──────── Material for this exercise
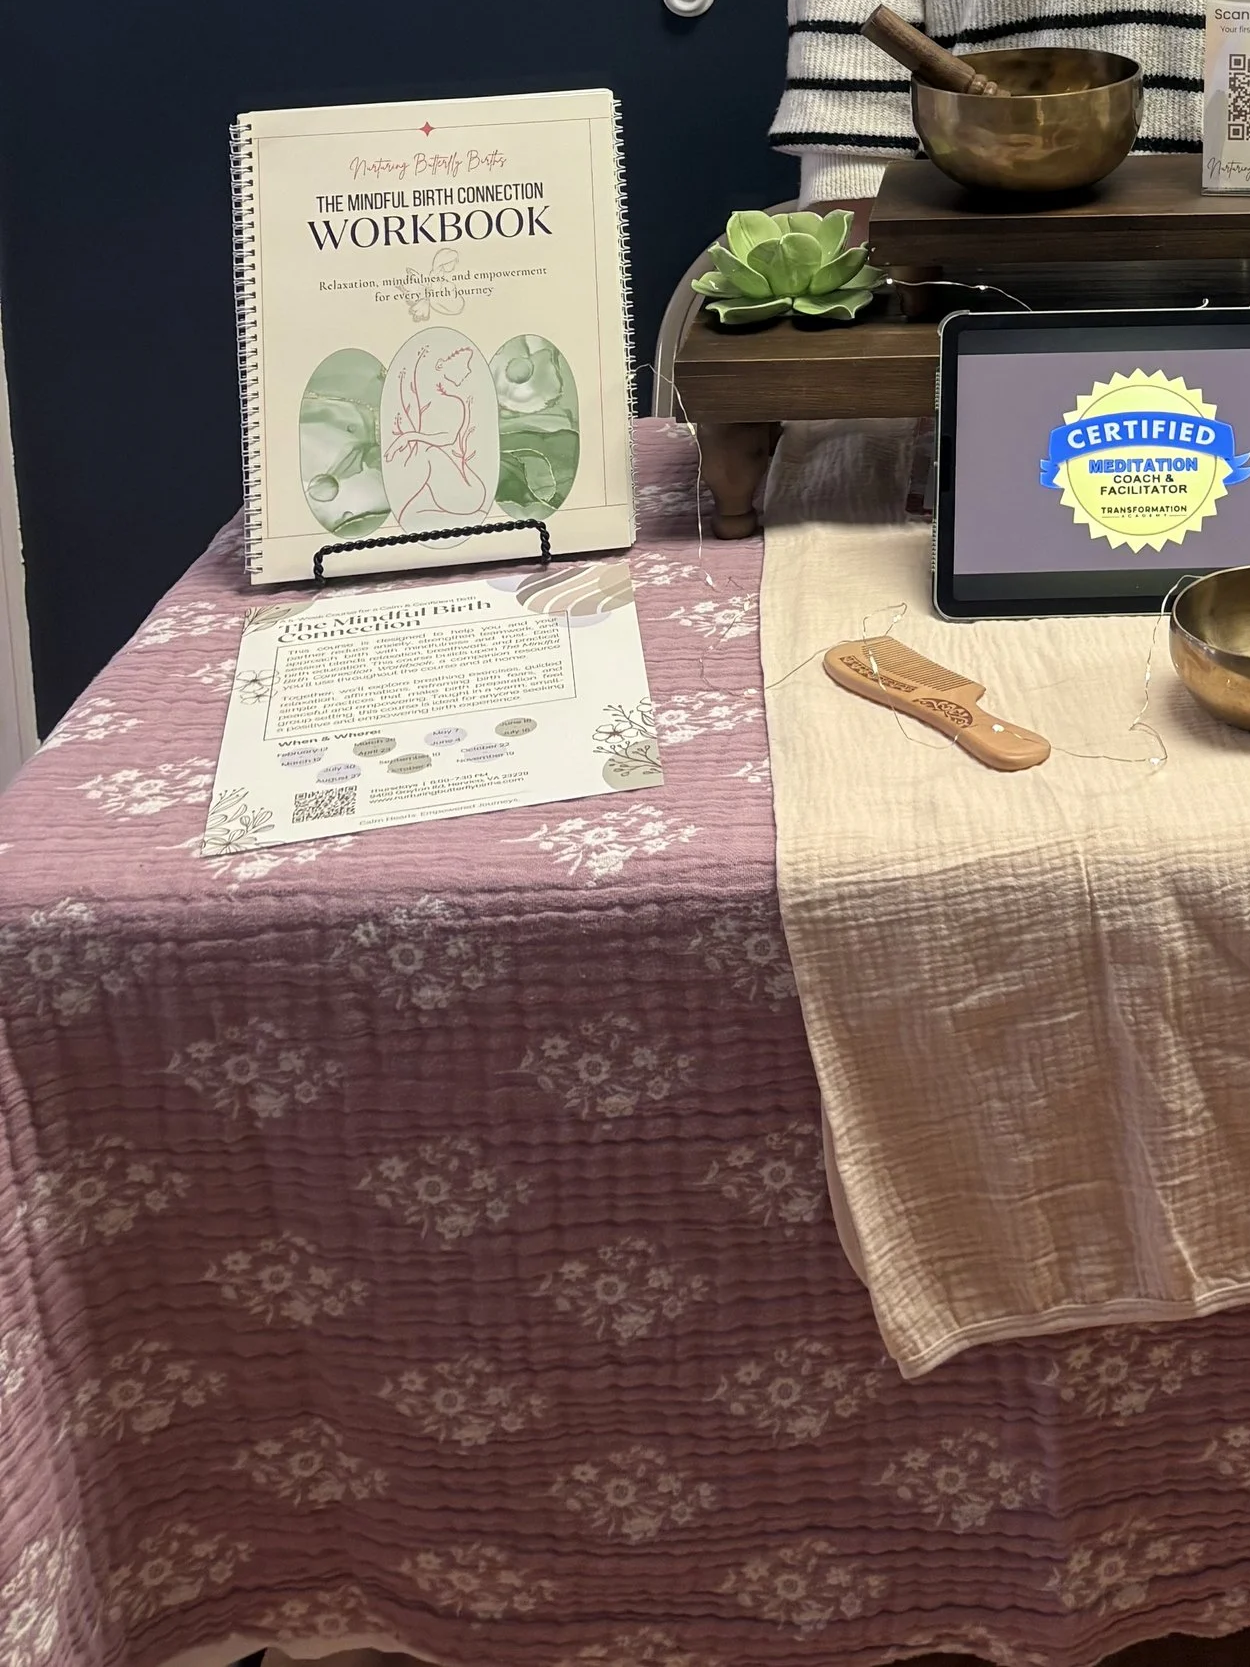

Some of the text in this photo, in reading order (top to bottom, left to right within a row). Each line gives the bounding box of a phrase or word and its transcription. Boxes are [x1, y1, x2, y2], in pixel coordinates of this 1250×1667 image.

[1215, 9, 1249, 20] Scan
[350, 149, 507, 181] Nurturing Butterfly Births
[316, 182, 544, 213] THE MINDFUL BIRTH CONNECTION
[307, 206, 552, 251] WORKBOOK
[319, 266, 547, 291] Relaxation, mindfulness, and empowerment
[374, 285, 494, 303] for every birth journey
[1067, 419, 1216, 449] CERTIFIED
[1089, 458, 1198, 474] MEDITATION
[1100, 485, 1187, 495] FACILITATOR
[1113, 474, 1174, 484] COACH &
[1101, 505, 1187, 514] TRANSFORMATION
[280, 600, 491, 634] The Mindful Birth
[278, 620, 420, 643] Connection
────────────────
Pictures excluded, set down all the entries exactly.

- [Solution for this exercise]
Some of the text in this photo, in reading order (top to bottom, left to right within a row). Each line gives the bounding box of a phrase or word and its transcription. Boxes are [x1, y1, x2, y2], in pixel coordinates of this 1250×1667 image.

[1215, 9, 1249, 20] Scan
[350, 149, 507, 181] Nurturing Butterfly Births
[316, 182, 544, 213] THE MINDFUL BIRTH CONNECTION
[307, 206, 552, 251] WORKBOOK
[319, 266, 547, 291] Relaxation, mindfulness, and empowerment
[374, 285, 494, 303] for every birth journey
[1067, 419, 1216, 449] CERTIFIED
[1089, 458, 1198, 474] MEDITATION
[1100, 485, 1187, 495] FACILITATOR
[1113, 474, 1174, 484] COACH &
[1101, 505, 1187, 514] TRANSFORMATION
[280, 600, 491, 634] The Mindful Birth
[278, 620, 420, 643] Connection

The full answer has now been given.